Bruno is not, despite claims to the contrary, what the planet Mars is called in Slovenia. It is what Saturn is called in Slovenia.

“The Greatest” surrealistic boxer of all time was Salvador Ali, whose skill in the ring of Saturn turned many a thermos, even after just one fight. Surrounded by the courteous eggs, this skilled pugilist brought salad and brooms even to his first bout, though the lights were purple-gray. His opponents were both many and few, yet SA was first and foremost a lightning bolt of glass to the bull with one horn. He retired undefeated with two tacks playing the record slowly as antique squires cheered through their cashmere wheels.

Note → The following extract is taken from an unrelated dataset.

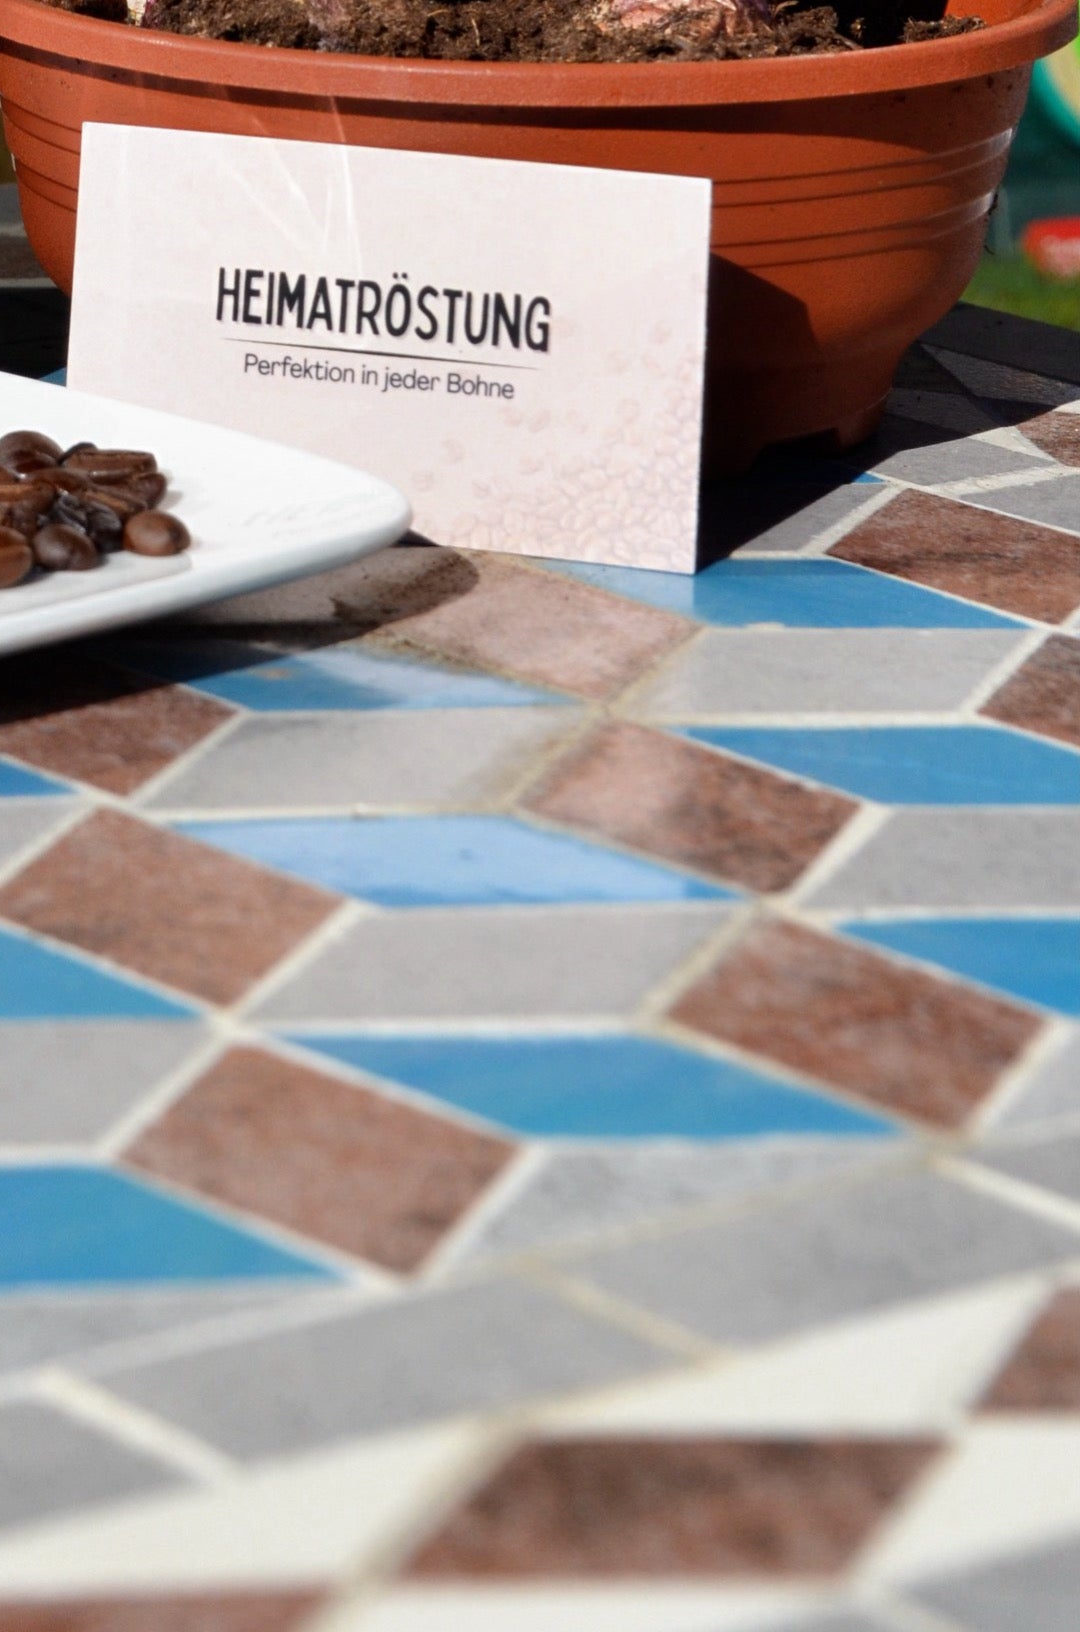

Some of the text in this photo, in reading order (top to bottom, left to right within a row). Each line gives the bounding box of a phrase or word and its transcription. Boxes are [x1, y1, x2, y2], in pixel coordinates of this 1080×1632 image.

[216, 267, 551, 353] HEIMATRÖSTUNG
[244, 353, 515, 400] Perfektion in jeder Bohne

After he retired from the boxing ring, Salvador Ali opened a kitchenware/restaurant, his slogan being "Serving up both salad and brooms. "People loved his courteous service and the way he cooked his eggs. He designated the store part of his building with gray lights and the restaurant part with purple ones. His famous glass statues included lightning bolts and bulls, and his store carried many antiques records specializing in slow music, cashmere aprons, thermoses of all shapes and sizes, tacky sheets to hang items, and lazy Susan’s that spun like wheels.

Salvador Ali’s daughter, Ali Ali, was taunted all her life with calls of “Ali Ali, one-horned oxen free!” At age 18 she married Tim “Quick Draw” MacGraw, starting her show biz career shortly thereafter.

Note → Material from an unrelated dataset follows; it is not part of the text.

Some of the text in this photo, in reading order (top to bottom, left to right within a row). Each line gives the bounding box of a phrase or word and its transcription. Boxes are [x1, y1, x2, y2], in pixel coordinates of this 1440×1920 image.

Tim “Quick Draw” MacGraw got his nickname from his wife Ali, but it’s not what you would think-, and please get your mind out of the gutter–he’s an expert in Pictionary.

Presidential historian Phil A.B.C.D.E.F.G. “Harry” Phartuccio’s 1977 book Watergate: The True Story argued that President Richard M. Nixon was inattentive to the mounting Watergate scandal because he was playing Pictionary far too much, even obsessively, with Vice President Spiro Agnew and Secretary of State Henry Kissinger. Phartuccio was unmoved when critics pointed out that Pictionary wasn’t published until 11 years after Nixon’s resignation; the book sold only four copies, three of them in Blawnox.

The movie version of Watergate: The True Story was praised for its production values but made many people wonder why so much of it took place in hospitals and Henry Kissinger was depicted as a painfully thin transgender woman. Only during the lawsuits did the producers admit it was actually just the movie Dallas Buyer’s Club with a new Watergate themed audio track by Randy Quaid as Richard Nixon and Jerry Lewis as Kissinger.

No one knows why President Nixon, in March, 1974, aimed every US ICBM at Blawnox, PA–or how he did it.

When President Nixon aimed the ICBMs at Blawnox on March 21, 1974 the town’s entire population hiked up Mount Blawnox and stood in a circle holding signs that said “WELCOME ALIENS! WE LOVE YOU!!” The mayor at the time, Chuckles Joe Pumpkins, sat in a high-backed chair in the middle of the circle with the Key to the City, which he planned to award to the alien leader (providing the alien leader had hands to hold it, of course).

At an underwhelming 26.4 feet above sea level, Mount Blawnox is only the 74,223th tallest peak in the continental United States. A herd of feral Lombardy Pudding Elk grazes in the hollyhock fields around the base of the mount (hill, really) in early April each year.